Make - A build automation tool that helps run common commands (install via your package manager).
uv - A fast Python package manager (alternative to pip).
OpenAI API Key - Required if using OpenAI models (default).
LangSmith Account - For Langgraph Studio.
Network Devices - Your actual network equipment, or use DevNet sandbox for testing

Windows users: This project requires a Unix-like environment. Install WSL (Windows Subsystem for Linux) to run it on Windows.

⚡️ Quick Start Guide

1. 📁 Clone and Setup

git clone https://github.com/jillesca/sp_oncall
cd sp_oncall

2. 🔐 Environment Configuration

Create a .env file in the project root with your API keys:

# .env file - Required for operation
OPENAI_API_KEY=your-openai-api-key-here
LANGSMITH_API_KEY=your-langsmith-api-key-here
LANGSMITH_PROJECT=your-project-name
LANGSMITH_TRACING=true
LANGSMITH_ENDPOINT=https://api.smith.langchain.com

3. 🔌 Network Device Access

SP Oncall uses gNMIBuddy MCP server to extract data from network devices.
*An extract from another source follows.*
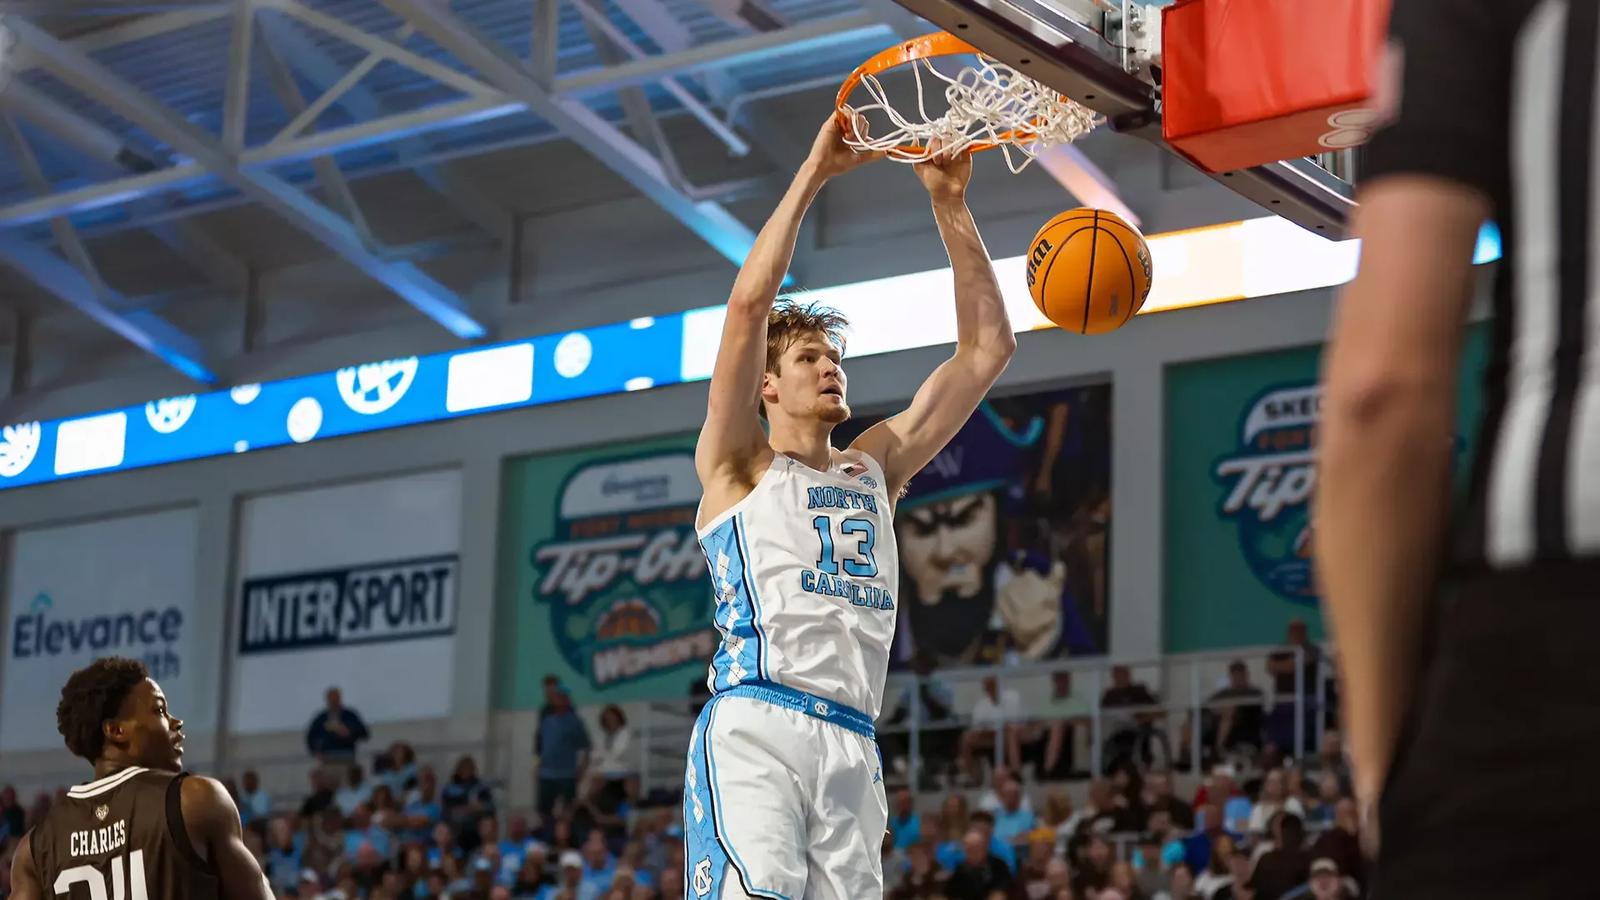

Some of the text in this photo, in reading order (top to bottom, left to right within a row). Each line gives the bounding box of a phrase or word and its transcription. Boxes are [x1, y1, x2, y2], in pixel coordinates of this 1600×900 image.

The MCP configuration is defined in mcp_config.json.

{
  "gNMIBuddy": {
    "command": "uvx",
    "args": [
      "--from",
      "git+https://github.com/jillesca/gNMIBuddy.git",
      "gnmibuddy-mcp"
    ],
    "transport": "stdio",
    "env": {
      "NETWORK_INVENTORY": "xrd_sandbox.json"
    }
  }
}

Note

If you're not using the DevNet Sandbox, replace xrd_sandbox.json with your own device inventory file.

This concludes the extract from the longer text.